If there is indeed this type of relationship between the distance from the star where the burst is produced and the frequency of the burst, Pleunis explained, then, due to the movement of the FRB in the two 16-day burst scenarios, in Looking from Earth, you would first face the regions closest to the star before “seeing” the regions of higher altitude. This means that you would first measure the emission with the higher frequencies and then, a few days later, you would observe the emission of the lower frequencies.

In other words, the delay in the arrival of the higher frequency emission could be a consequence of the orientation of the neutron star and its magnetic field (assuming the models are correct and that FRBs can be produced in the magnetic field of a neutron star). Pleunis continues:

If a similar FRB source is oriented differently with respect to Earth, it would be possible to see the low frequency radio waves before the high frequency radio waves in that system.

If you’re finding all of this hard to visualize, you’re not alone. The inherent motion of the FRB complicates matters, for one thing. To further complicate matters, magnetic fields are rarely uniform fields with two well-defined beams from each pole (textbook case). Instead, real magnetic fields in nature are much more disordered.

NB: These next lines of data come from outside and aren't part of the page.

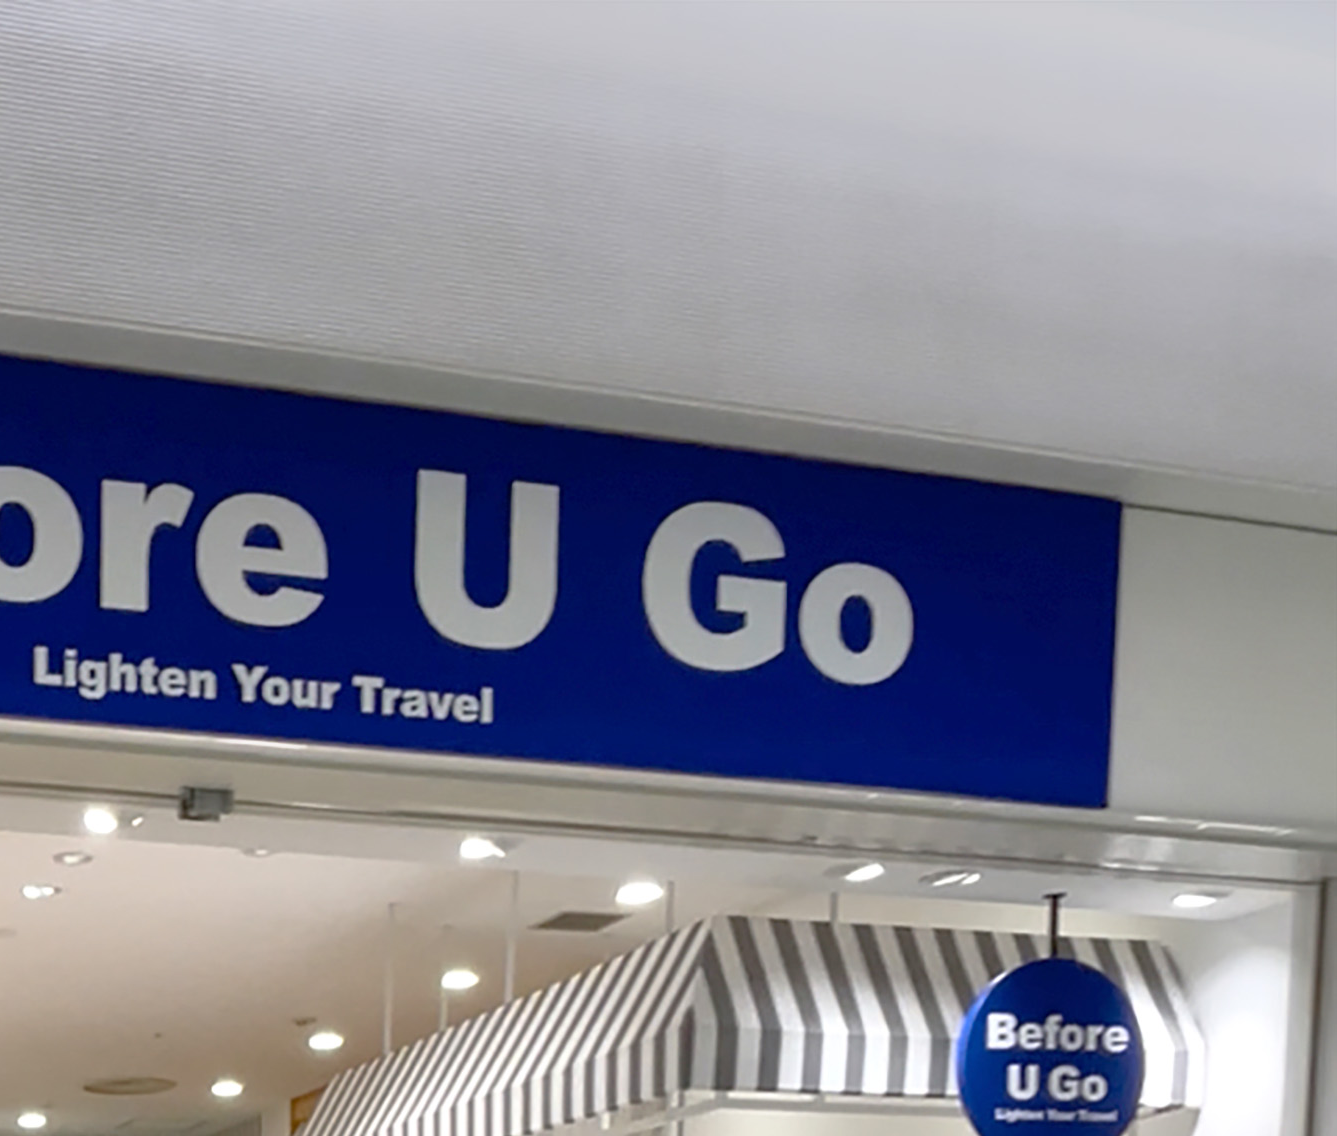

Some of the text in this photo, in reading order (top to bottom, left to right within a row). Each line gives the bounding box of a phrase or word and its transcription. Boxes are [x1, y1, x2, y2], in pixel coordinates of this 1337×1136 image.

[415, 469, 560, 650] U
[642, 500, 915, 687] Go
[33, 645, 494, 724] Lighten Your Travel
[986, 1012, 1130, 1053] Before
[1006, 1063, 1108, 1102] U Go
[994, 1107, 1044, 1123] Lighten

Diagram: three shining stars with shiny labels and beams.
This diagram illustrates the two possible scenarios for FRB production. In the first scenario (left), a neutron star and another star orbit around a common center of mass. In this scenario, you can only see the FRB for a few days from Earth. In the 2nd scenario (on the right), the neutron star is solitary. Its magnetic pole – the possible source of FRB signals – is leading or changing direction, making FRBs detectable from Earth only for a few days when the emission is directed towards us. In both scenarios, the burst emission that formed farther from the neutron star arrives later than the emission formed closer, which would explain the 3-day delay for the low-frequency emission. Image via B.Zhang/ Nature/ Z. Pleunis (notes).
Illustration of a light blue orb with long arcs emanating from it in various places.
Artist’s concept of the disordered magnetic fields surrounding a magnetar, a type of neutron star, believed to have an extremely strong magnetic field. Magnetars are candidate sources for many fast radio bursts. Image via Carl Knox/ OzGrav.

As Pleunis told EarthSky,

There are many unknowns regarding FRB progenitors and the emission mechanism…Emission need not be produced in the beams emanating from the [neutron star’s] magnetic poles, but the emission can also be produced in the magnetic field, when it sizzles and cracks, or it can be produced further away by the interaction of the neutron star’s magnetic field with, for example, the wind from a companion star.

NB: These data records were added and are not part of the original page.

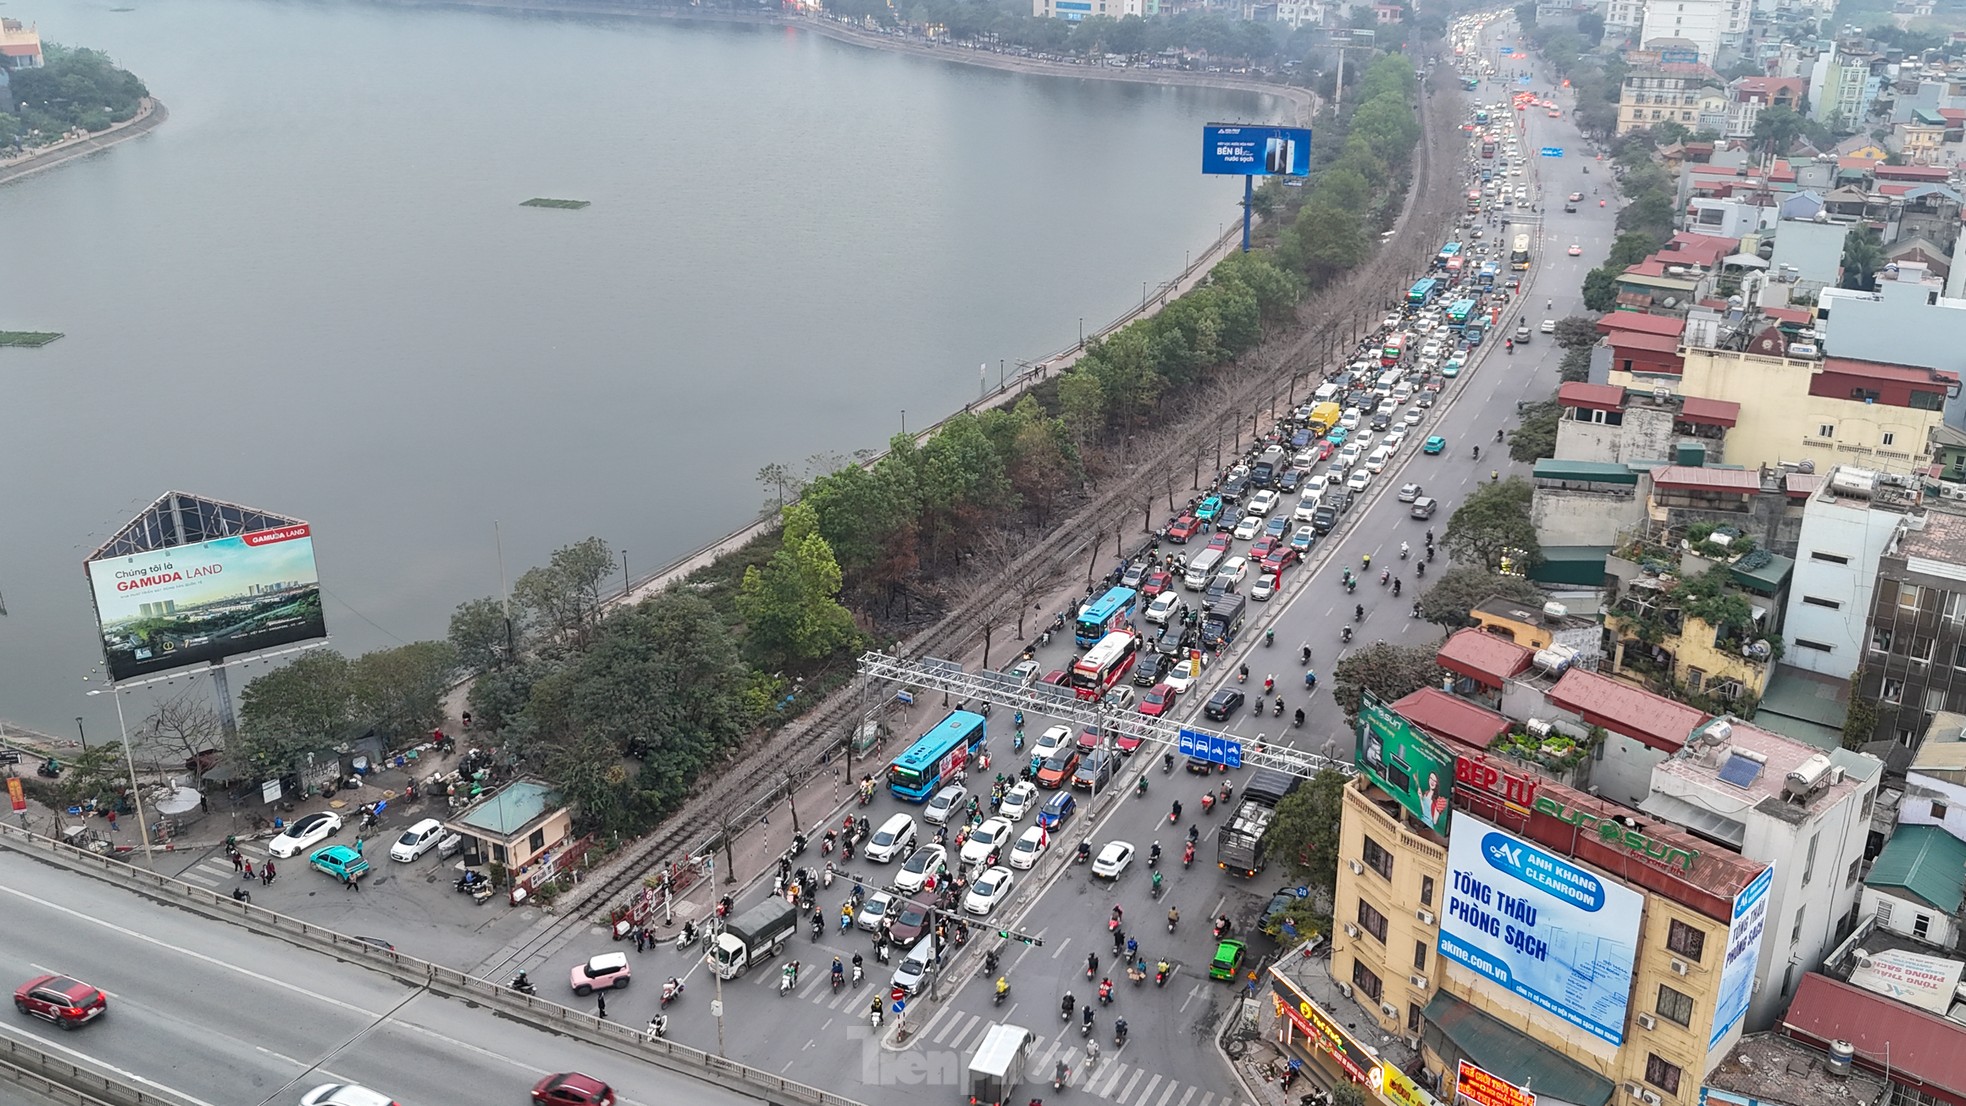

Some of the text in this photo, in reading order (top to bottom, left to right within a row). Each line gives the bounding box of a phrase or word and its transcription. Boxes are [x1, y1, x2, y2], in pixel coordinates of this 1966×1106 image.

[286, 528, 305, 538] LAND
[115, 568, 147, 579] Chúng
[149, 563, 162, 573] tôi
[117, 563, 223, 592] GAMUDA LAND
[1456, 755, 1498, 791] BẾP
[1503, 772, 1537, 807] TỪ
[1298, 888, 1307, 897] 20
[1525, 867, 1595, 906] CLEANROOM
[1527, 853, 1552, 873] ANH
[1555, 867, 1597, 893] KHANG
[1453, 869, 1537, 928] TỔNG THẦU
[1449, 896, 1547, 962] PHÒNG SẠCH
[1441, 939, 1508, 981] akme.com.vn
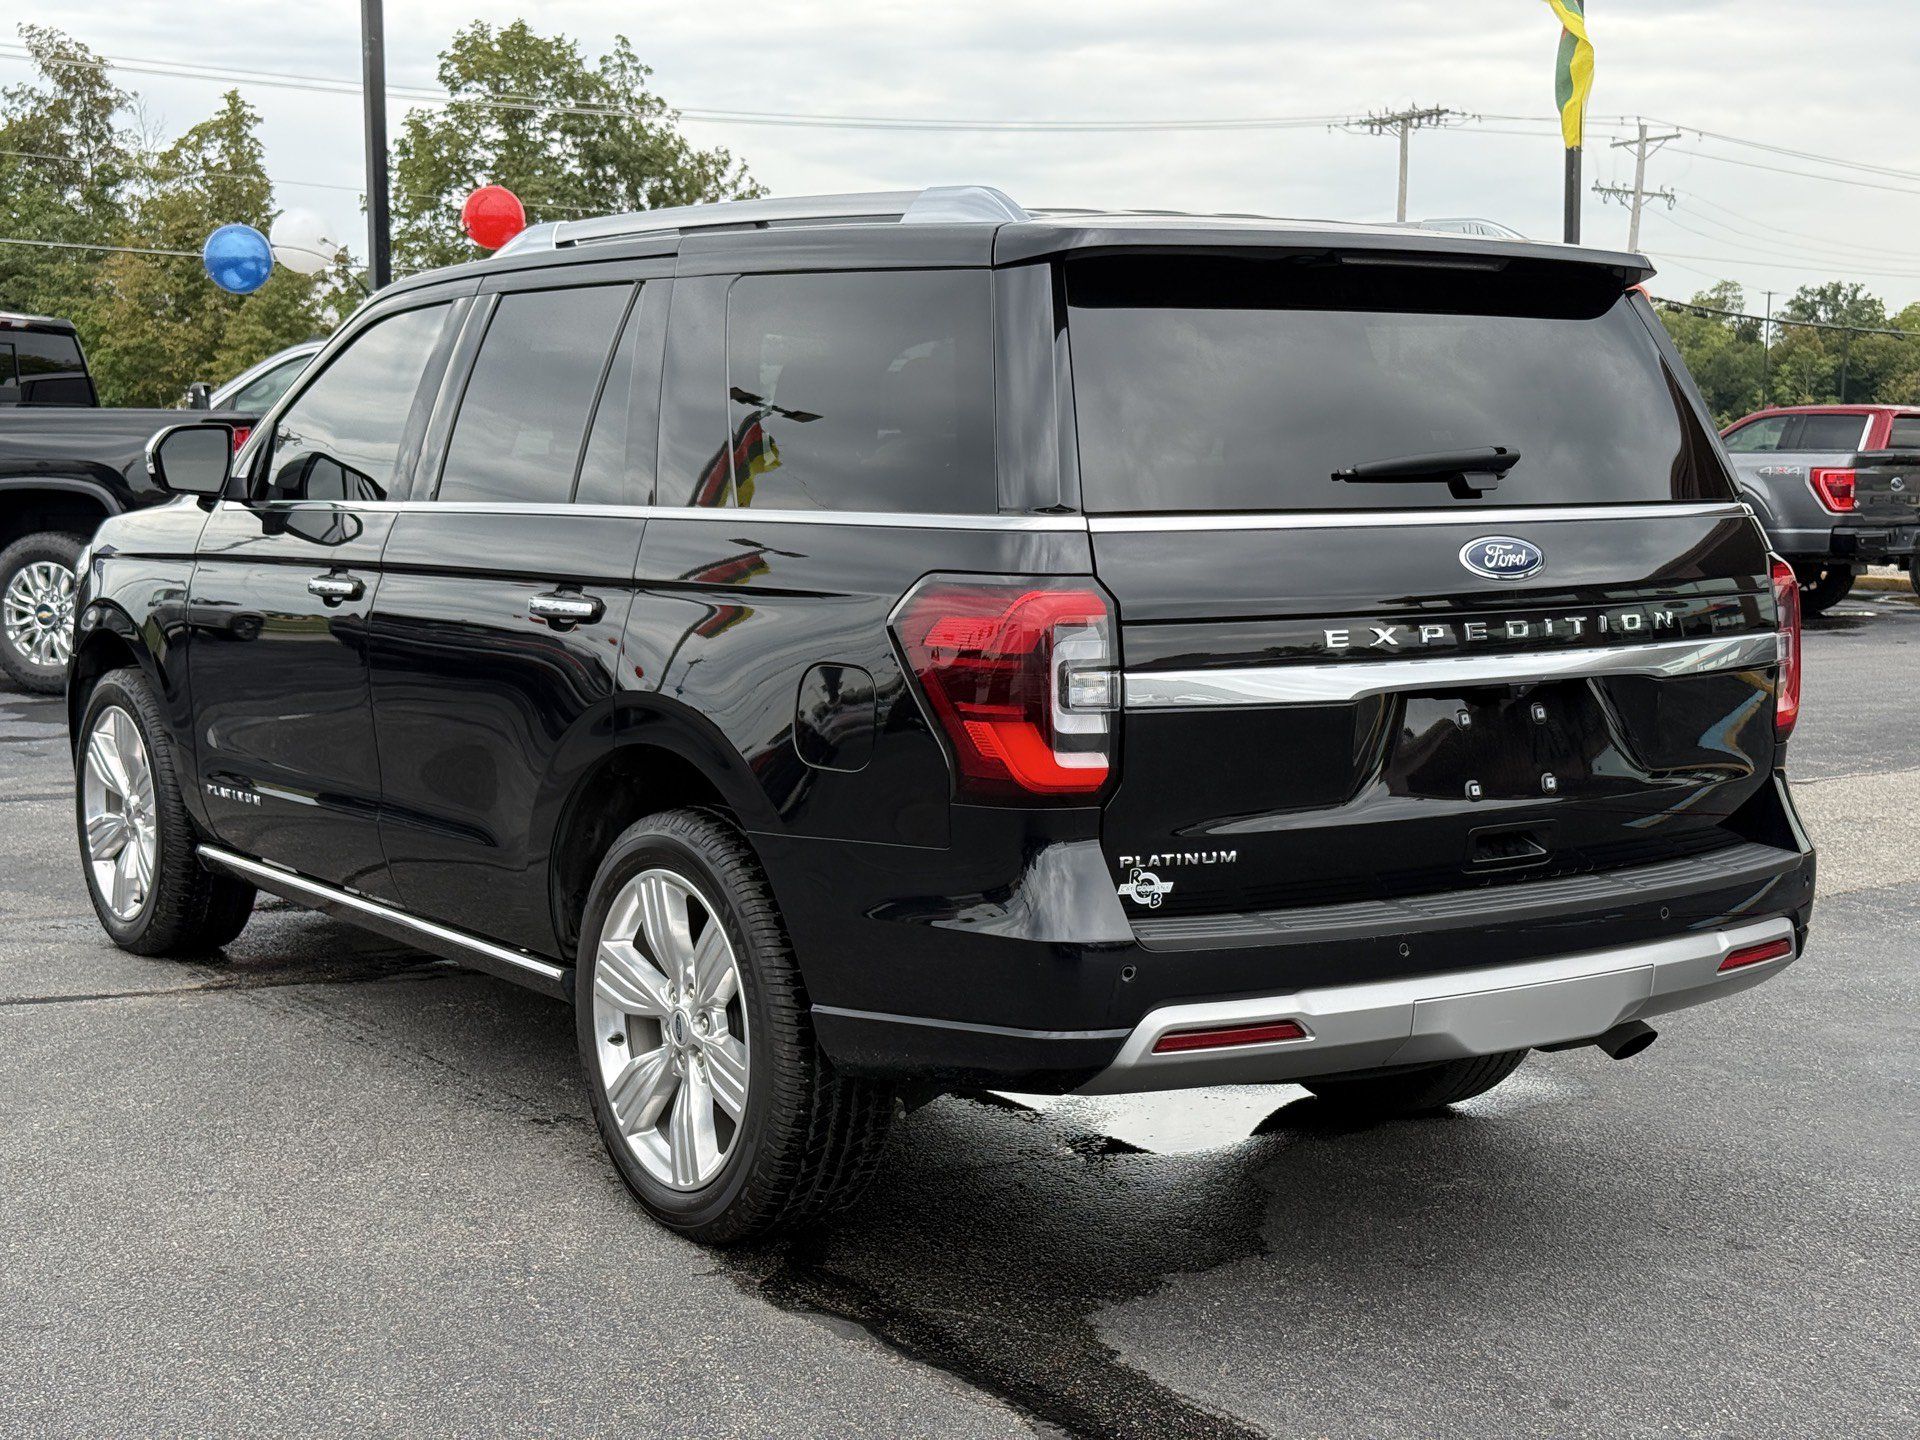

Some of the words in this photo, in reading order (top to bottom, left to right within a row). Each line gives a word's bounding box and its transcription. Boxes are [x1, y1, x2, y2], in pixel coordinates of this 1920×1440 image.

[1484, 544, 1528, 568] Ford
[1324, 611, 1674, 648] EXPEDITION
[207, 783, 262, 806] PLATINUM
[1119, 850, 1237, 868] PLATINUM

In other words, this is a very active area of ​​research and there is still a lot to learn. Pleunis continues:

Why does the emission have a different characteristic frequency at different altitudes? It would also depend on the as yet unknown emission mechanism of FRBs.

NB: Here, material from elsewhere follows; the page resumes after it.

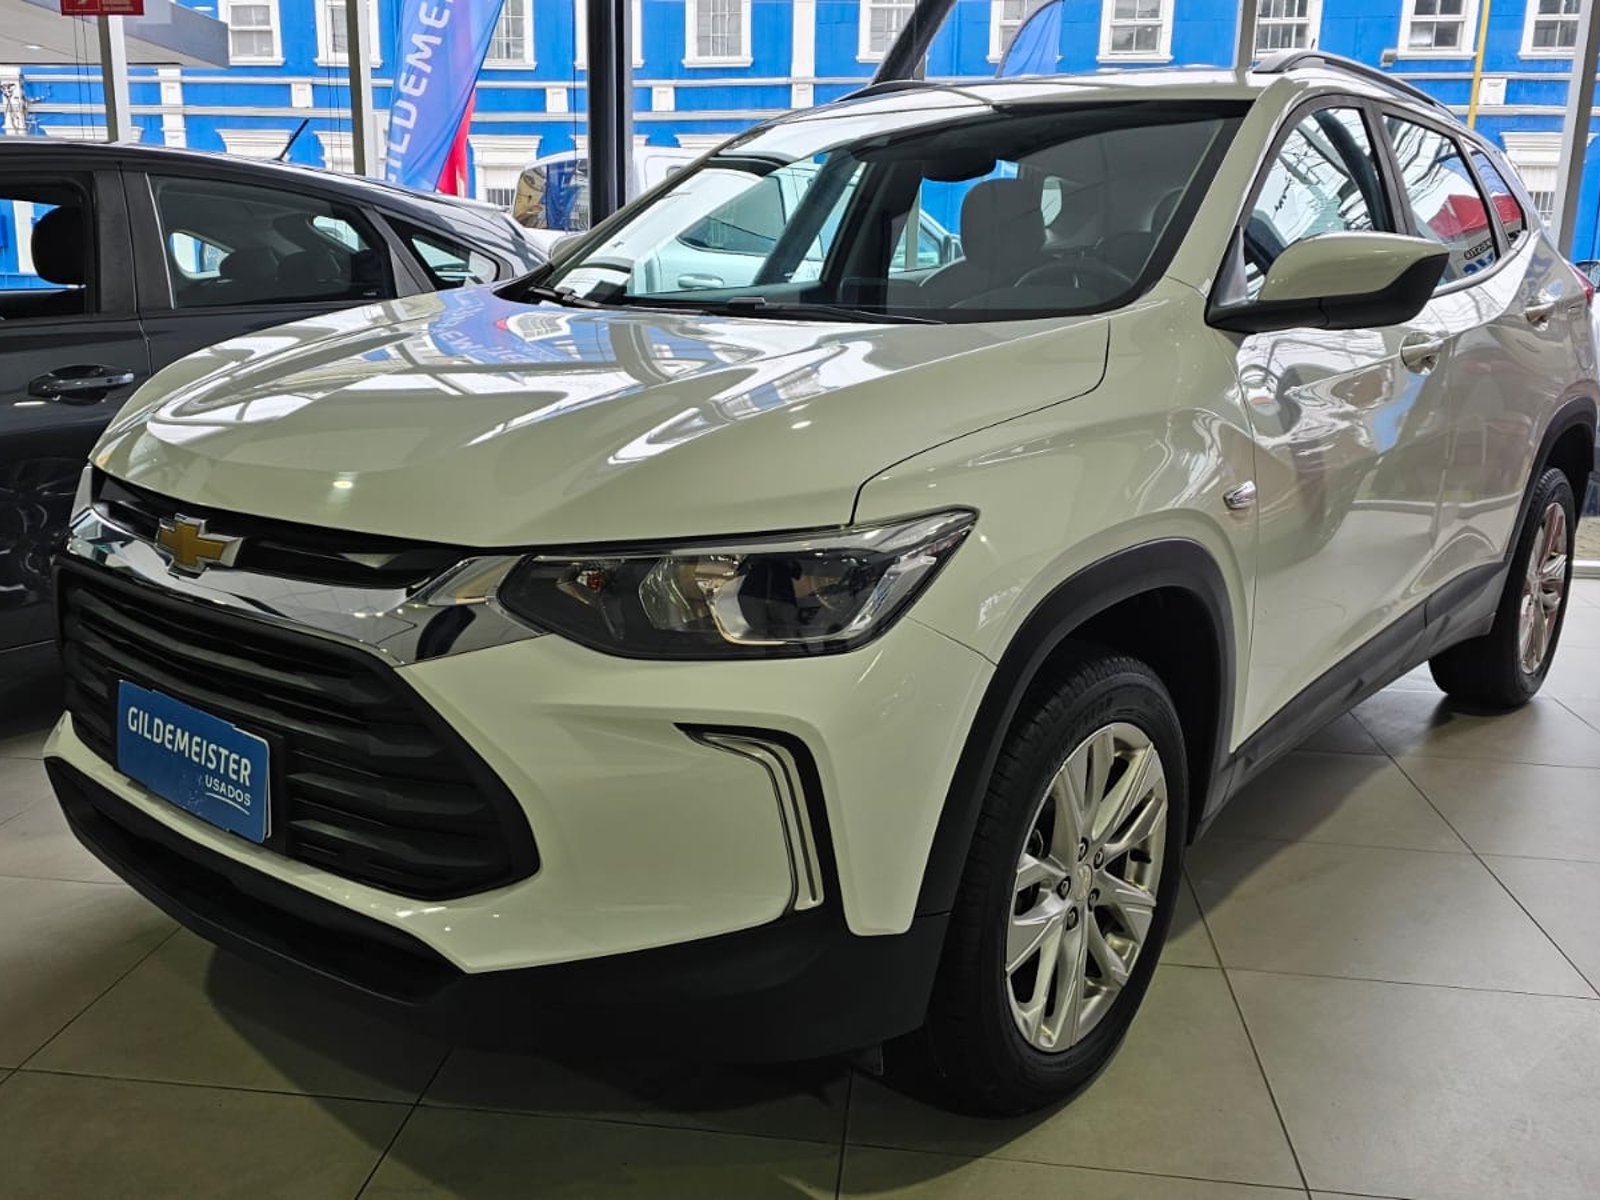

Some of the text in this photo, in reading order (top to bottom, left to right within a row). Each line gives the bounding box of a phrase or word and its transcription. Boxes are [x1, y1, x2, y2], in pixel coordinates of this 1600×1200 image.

[387, 0, 451, 183] ILDEME
[127, 706, 251, 786] GILDEMEISTER
[205, 774, 251, 807] USADOS

Astronomers used two telescopes, the Canadian Hydrogen Intensity Mapping Experiment (CHIME) and the Dutch Low frequency network (LOFAR). LOFAR has stations spread across Europe to increase the detail of the data. For this project, the astronomers had tuned the telescope to observe in a range of 110-188 MHz (wavelength 2.7 to 1.6 meters).

Because the detections were found at the edge of this range, astronomers believe they may extend even lower and plan to observe at even lower frequencies to learn more.

The next video from JIVE and EVN describes repeating FRB 20180916B:

Note that electromagnetic emission waves – including light – are measured by both the length of the waves (wavelength) and their frequency (frequency). The longer the wavelength, the lower the frequency and vice versa; the shorter the wavelength, the higher the frequency. A good trick not to get confused is to remember the letter L for for the Llow frequency/Llong wavelength region, which are the waves we are discussing in this article.

Conclusion: Astronomers have measured radio waves from a well-known repeating fast radio burst that are much longer than ever detected before. But not only that, the radio signal also arrived at the telescope three days after the most energetic part of the same radio burst.